ColunaGisa Veiga

Eles buscam mais poder

Gisa Veiga

A humanidade está doente. Falo de doenças e de males psicológicos, inúmeros deles — medo, insegurança, ansiedade, depressão, insensibilidade, a quase inexistência de alteridade, entre outros. São males que afetam tanto homens como mulheres.

Mas é fato que as mulheres sofrem mais. Muito mais. Ainda existe disparidade de salários no mercado de trabalho, a misoginia e o machismo continuam amedrontando e até matando mulheres. É óbvio que entre homens e mulheres, estas são mais atacadas por adversidades.

Num país em que o machismo estrutural é evidente, não há a menor razão para se falar em fortalecimento da masculinidade, como se os homens fossem uns coitados, assediados diuturnamente e sofressem agressões e assassinatos do sexo oposto. O que mais querem os homens? Que tipo de fortalecimento é esse que eles buscam? Não deveriam ser as mulheres a buscar apoio, fortalecimento, proteção?

Nos últimos dias, a internet foi inundada por notícias sobre um projeto do ator Juliano Cazarré, intitulado “O farol e a forja”, que é basicamente um “curso” para ajudar os homens a “encontrar os valores da liderança masculina”. O ator diz que os homens estão fragilizados na sociedade e que é preciso fortalecer o público masculino.

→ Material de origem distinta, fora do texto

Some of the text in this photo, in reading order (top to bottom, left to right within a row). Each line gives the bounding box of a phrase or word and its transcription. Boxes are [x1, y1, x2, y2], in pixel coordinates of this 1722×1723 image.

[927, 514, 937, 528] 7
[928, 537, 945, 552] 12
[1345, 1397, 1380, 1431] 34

Oi? Fortalecer mais, Cazarré? Não são os homens que ocupam mais cargos de liderança do que as mulheres? Não são os homens que ainda vivem como se fossem donos de suas companheiras? O que foi que vocês perderam? Para mim, perderam o juízo, a sensatez, a habilidade de serem adultos funcionais e companheiros.

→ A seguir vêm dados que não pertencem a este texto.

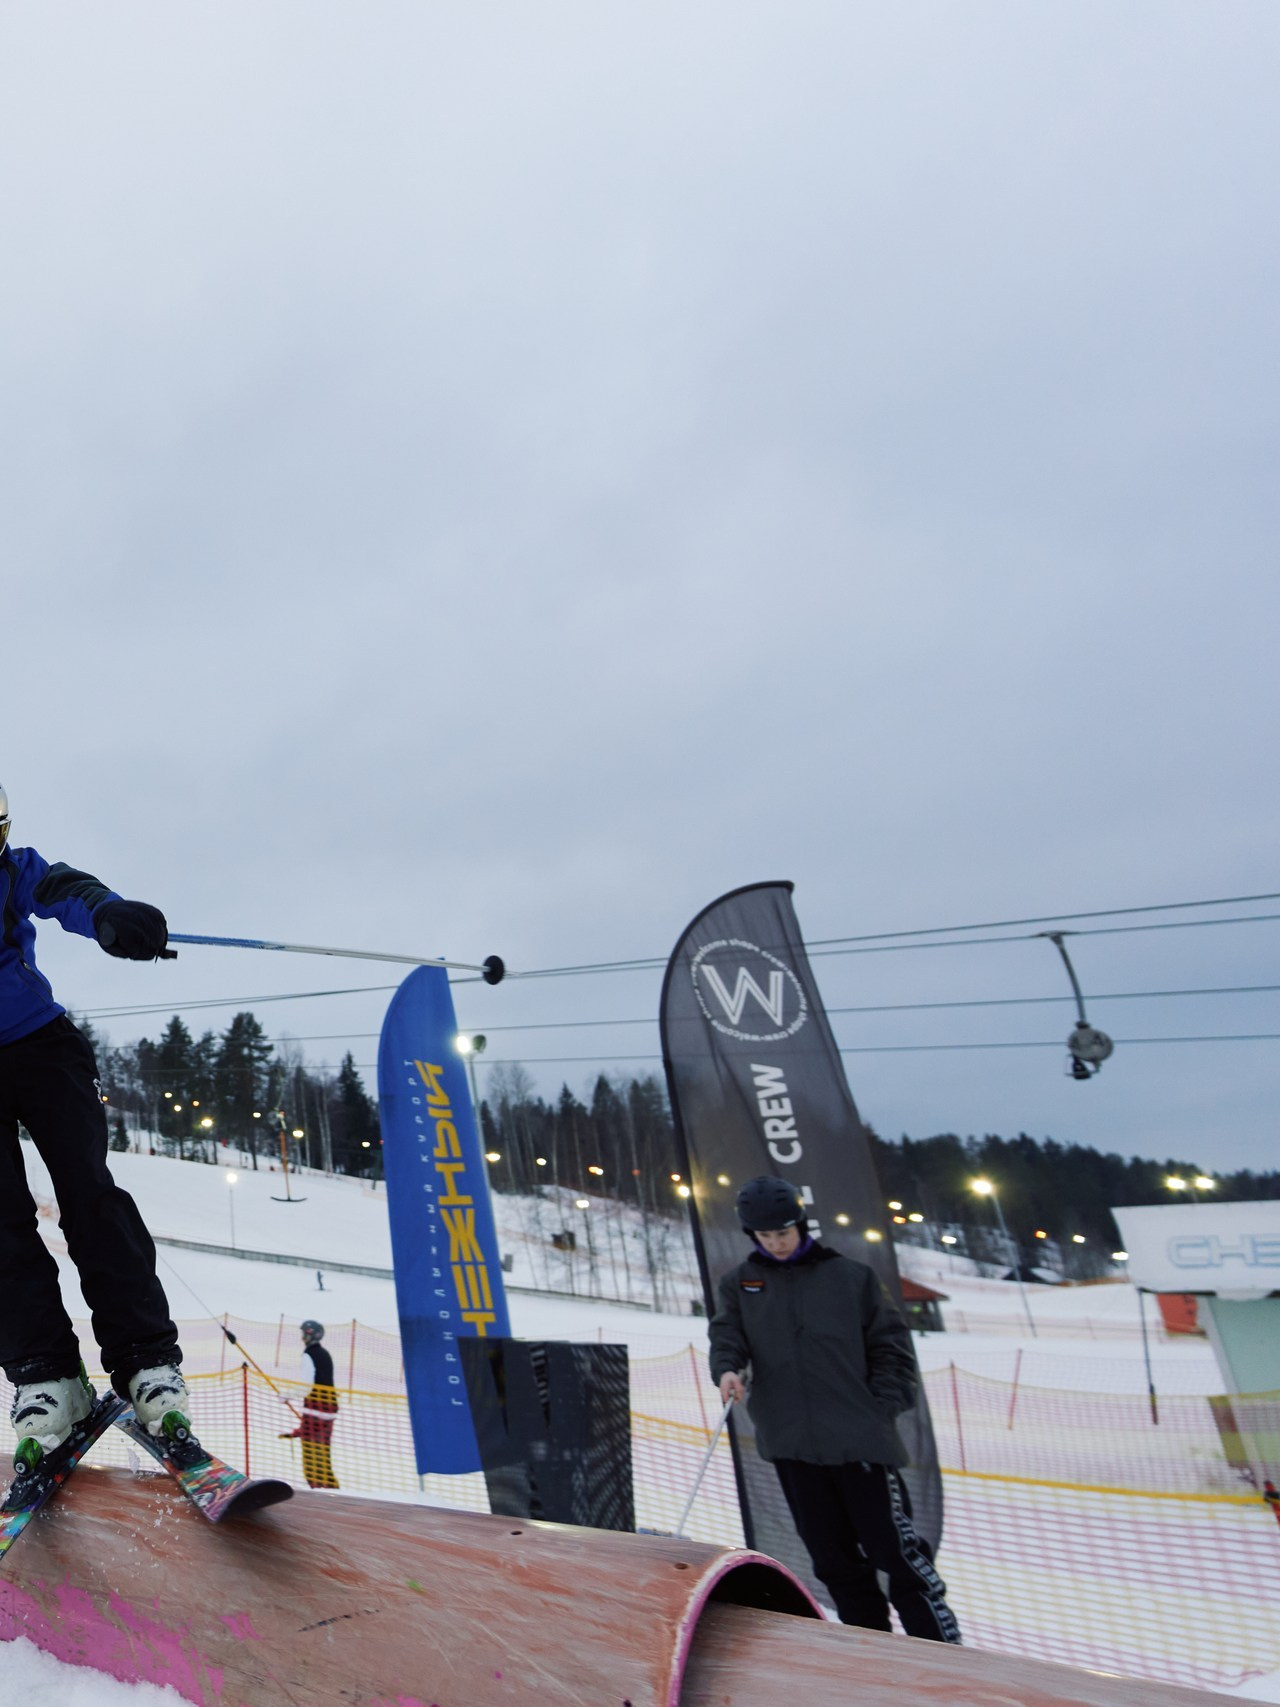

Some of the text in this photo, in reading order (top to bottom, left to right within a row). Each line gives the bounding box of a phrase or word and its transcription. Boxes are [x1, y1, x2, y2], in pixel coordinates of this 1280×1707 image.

[404, 1057, 464, 1407] ГОРНОЛЫЖНЫЙ КУРОРТ
[414, 1058, 499, 1338] НЕЖНЫЙ
[750, 1063, 802, 1165] CREW

Houve uma enxurrada de críticas de diversos artistas, a maioria bem ácidas, outras mais satíricas, como um vídeo postado por Fábio Porchat. A atriz Marjorie Estiano fez uma postagem dirigida ao colega de profissão: “Juliano, você não criou, você só está reproduzindo em maior ou menor grau, na verdade, um discurso que já é ampla e profundamente difundido, enraizado e que mata mulheres todos os dias. Por favor, dê uma olhada para isso”, aconselhou.

Houve quem não entendesse a proposta do curso que, por sinal, é difícil de entender, mesmo. Alguns acreditam tratar-se de algo para ajudar homens a serem mais respeitosos, mais dignos e generosos. Aí, sim, seria até uma boa. Mas, pela boca do próprio Cazarré, como já assinalei, o evento é para fortalecer homens “fragilizados”, para turbinar a liderança masculina.

Caro Juliano, você parece perdido. Ora fala em formar “pais melhores”, ora em promover mais poder para os homens. Os homens estão precisando de curso para respeitar as escolhas femininas, aceitar lideranças de mulheres e relacionamentos desfeitos, ajustar suas emoções para não cometer violência doméstica… é disso que a sociedade está precisando.